The group has made significant accomplishments in characterization of innate and adaptive immune responses, factors that influence these activities, and mechanisms of dysfunction and pathology. Research approaches included use of genetic and divergently selected lines, whole animal experiments, novel cellular and molecular analyses, including analyses at the transcriptome, proteome, kinome, and metabolome level.

Using genetic lines that spontaneously develop multifactorial, non-communicable diseases, AR further defined the cellular and molecular mechanisms involved in the immunopathology associated with development of vitiligo in Smyth chickens, demonstrated autoimmune memory in Smyth line vitiligo, and identified suppressive activities in tolerance maintenance in vitiligo-susceptible, pigmented parental Brown line controls. Additionally, AR demonstrated aberrant innate responses in scleroderma-prone UCD200/206 chickens, especially heightened TGF-β, IL-17 and IFN-γ responses following intradermal injection of killed Mycobacterium butyricum. In vivo studies by AR on the inflammatory response to various microbial components revealed different leukocyte recruitment profiles to products of Gram-negative versus Gram-positive bacteria, reduced local and systemic inflammatory responses with heat-stress, and heterophil dominated responses to autogenous Salmonella bacterin vaccines in pullets.

NC increased the characterization of the adaptive immune functions and the influence of genetic and environmental factors contributing to these processes by studying High Antibody Selected (HAS) and Low Antibody Selected (LAS) White Leghorn lines that continuously have been divergently selected for 5-day post-injection antibody titer to injection with sheep red blood cells (SRBC) for nearly 50 years. Differential gene expression was analyzed combining traditional statistics and machine learning to obtain signature gene lists for functional analysis, which revealed differences in energy production and cellular processes between lines and with SRBC injection.

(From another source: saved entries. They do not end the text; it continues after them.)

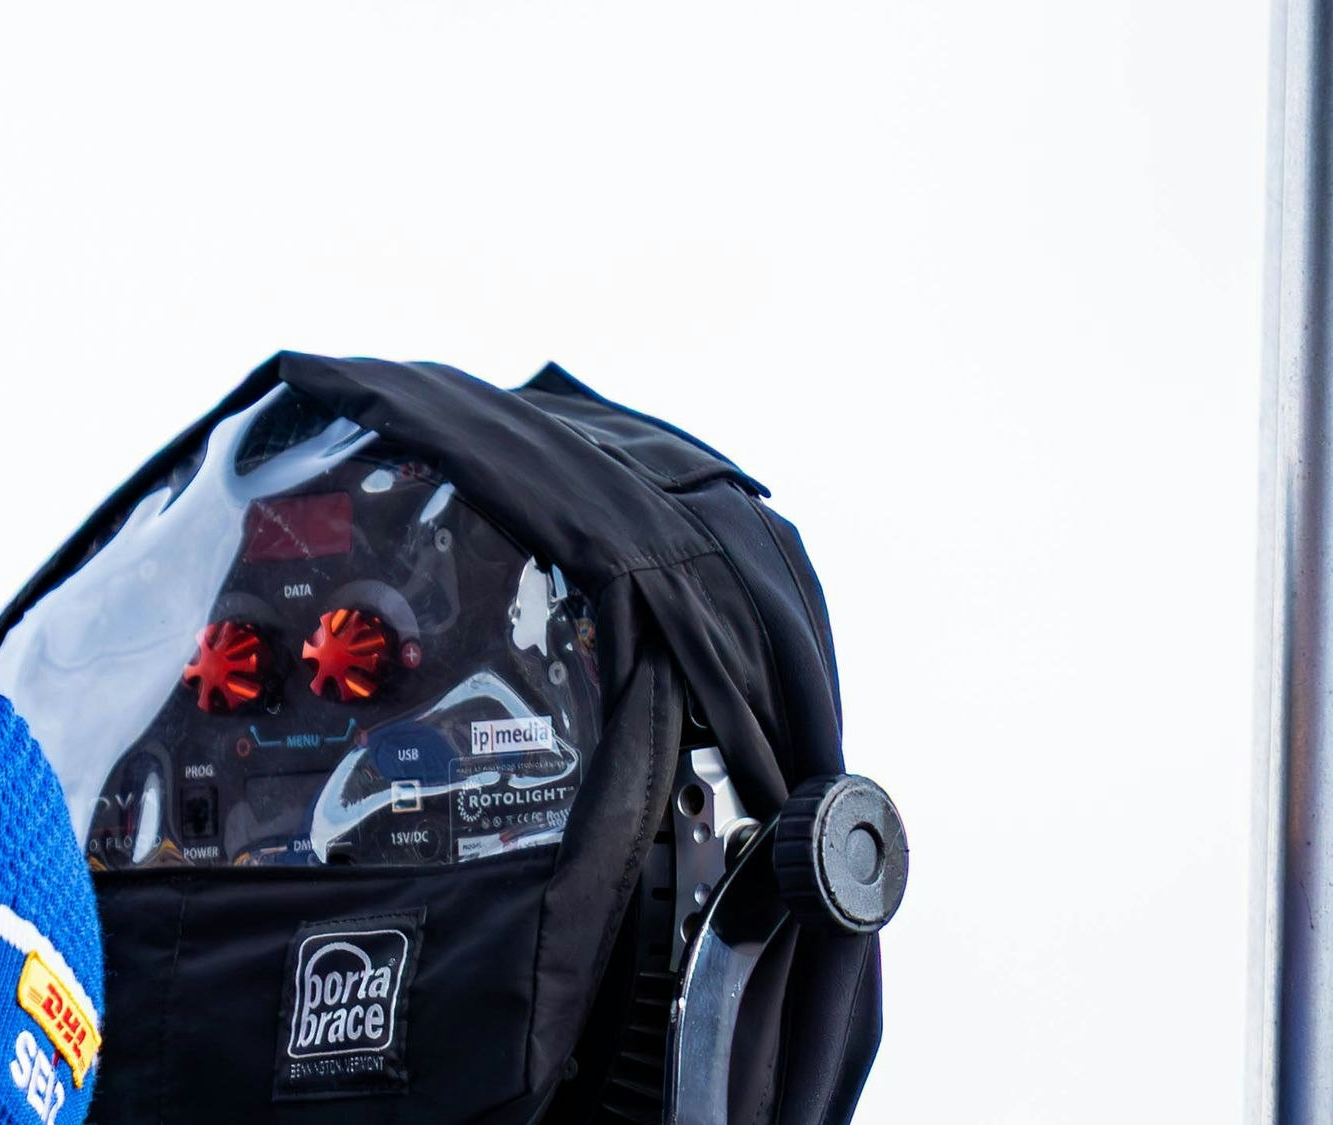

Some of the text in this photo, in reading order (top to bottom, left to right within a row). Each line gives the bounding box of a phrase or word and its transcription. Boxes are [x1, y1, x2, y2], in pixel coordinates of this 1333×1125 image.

[284, 583, 313, 599] DATA
[286, 734, 319, 747] MENU
[397, 748, 419, 761] USB
[185, 764, 214, 778] PROG
[293, 839, 313, 852] DM
[183, 846, 219, 860] POWER
[41, 982, 86, 1058] DHL
[297, 1003, 384, 1048] brace
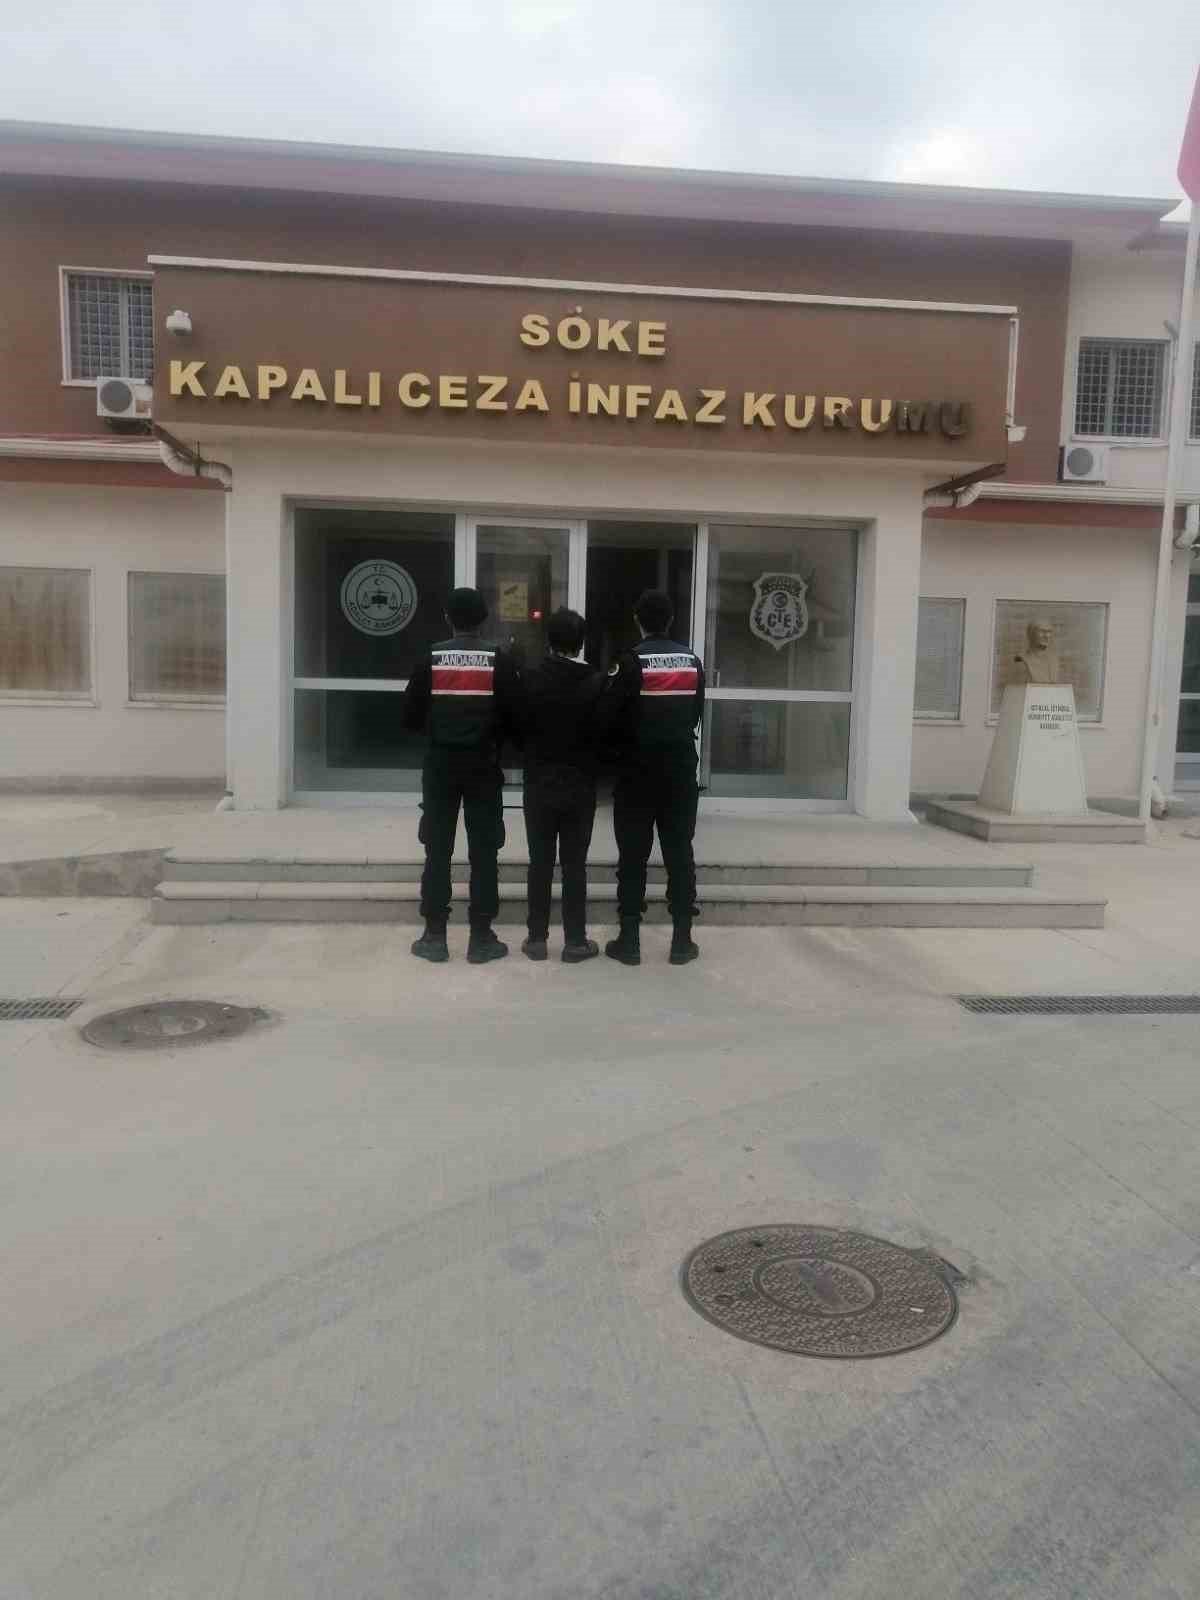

DE compared immune responses of ACRB and modern broilers. This work revealed that the modern broilers displayed greater inflammatory response to CpG administration and showed continuous response to Cocci vaccination, while ACRB show increased inflammation and apoptosis to challenge.

Through detailed examination of blood cell films from various poultry species and environmental/health conditions, MA demonstrated heterogeneity among plasmacyte (PC) series, cells known for antibody secretion. The capacity to recognize differences among primitive PC and derived types is an important step in understanding the complexities of immune reactions and factors influencing these activities. Atypical plasmacytes include Mott cells recognized by the presence of retained as unsecreted antibodies (Russell bodies) and Dutcher bodies (nuclear vacuoles). Recognition of Türk cells as members of the avian proplasmacyte cell series adds to basic immune function. These developmental cells are typically large with deep basophilic cytoplasm and sometimes a nucleolus. Many retain a capacity for division. They are not widely known in the veterinary immunity or pathology community but are found in chickens, ducks, and turkeys either as components of the circulation or in the bone marrow. MA also continued the study of reactive thrombocytes and their relation to stress.

DE studied the immunometabolic response in the broiler chicken to pathogens and immune modulatory agents. Their results showed that postbiotic fermentates are anti-inflammatory and improve outcomes to a necrotic enteritis challenge. DE also demonstrated that administration of essential oils and antioxidants resulted in reduction in inflammatory state beneficial for growth during early stress by activating pathways via FOXO, and that butyrate displays pro-inflammation activities in the context of Salmonella infection, which may be the mechanism butyrate aids in clearance. Furthermore, Salmonella studies by DE showed that calmodulin signaling is an important pathway of response, whereby signaling is through TLR, NOD, cytokine and chemokine PRRs and Jak-STAT pathways. Additionally, DE observed a greater inflammatory response in chickens with early post-hatch Salmonella inoculation.

NC expanded our understanding of how diet, environment, and the microbiome influence the host’s immune response and how this impacts the colonization of pathogens, like Salmonella. NC’s work demonstrated that the microbiome regulates the phenotype of Salmonella and the immune system, and the microbiome is controlled through diet and environmental conditions.

CA found perturbation in metabolic pathways related to arginine and proline metabolism associated with Salmonella infection, and that the TCA cycle contributed to Salmonella persistence in chickens. Furthermore, chickens from a knockout line (KO) lacking B lymphocytes were examined by CA for their resistance to a challenge with Salmonella enterica. When challenged, the KO chickens lost less body weight than the controls, had similar mortality, but higher indices of intestinal inflammation.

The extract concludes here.